## What you have to do
Reproduce what is written in the records below exactly, and leave out the images.

## Given records
********************
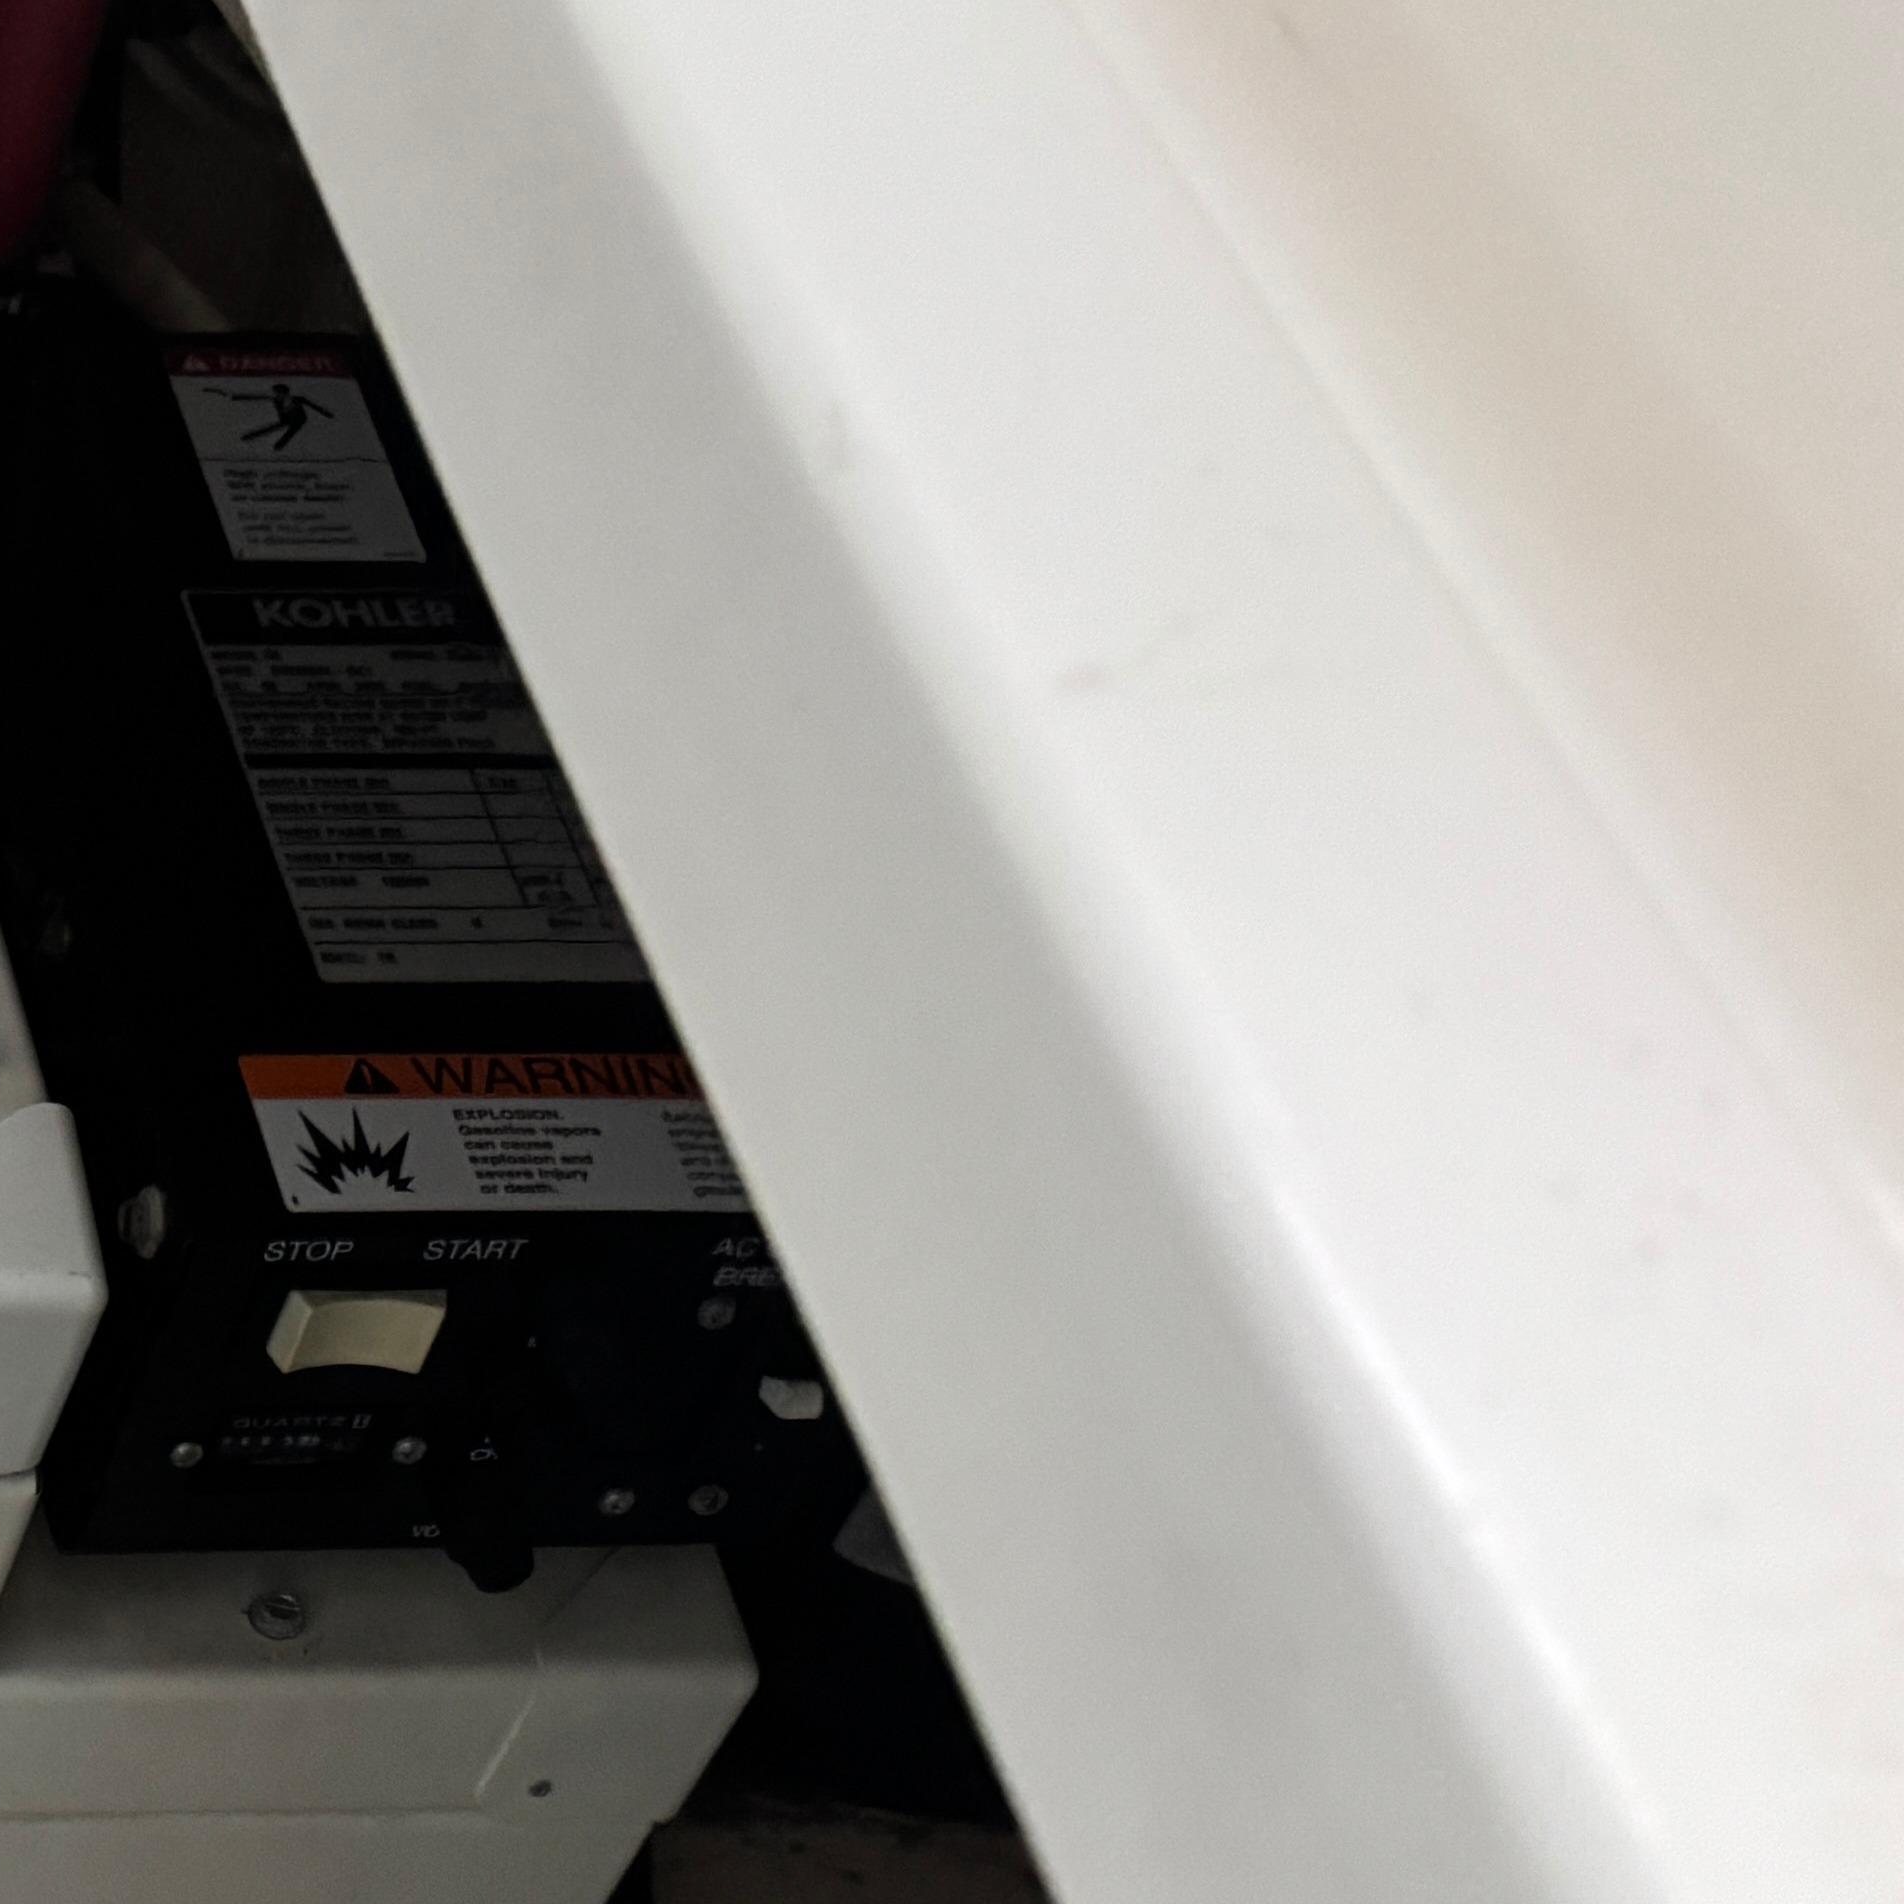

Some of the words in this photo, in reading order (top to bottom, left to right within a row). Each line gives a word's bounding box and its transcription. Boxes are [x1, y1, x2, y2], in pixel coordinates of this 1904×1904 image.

[252, 599, 455, 628] KOHLER
[411, 1056, 698, 1096] WARNIN
[263, 1239, 355, 1262] STOP
[422, 1238, 530, 1261] START
********************
## Task response
Some of the words in this photo, in reading order (top to bottom, left to right within a row). Each line gives a word's bounding box and its transcription. Boxes are [x1, y1, x2, y2], in pixel coordinates of this 1904×1904 image.

[252, 599, 455, 628] KOHLER
[411, 1056, 698, 1096] WARNIN
[263, 1239, 355, 1262] STOP
[422, 1238, 530, 1261] START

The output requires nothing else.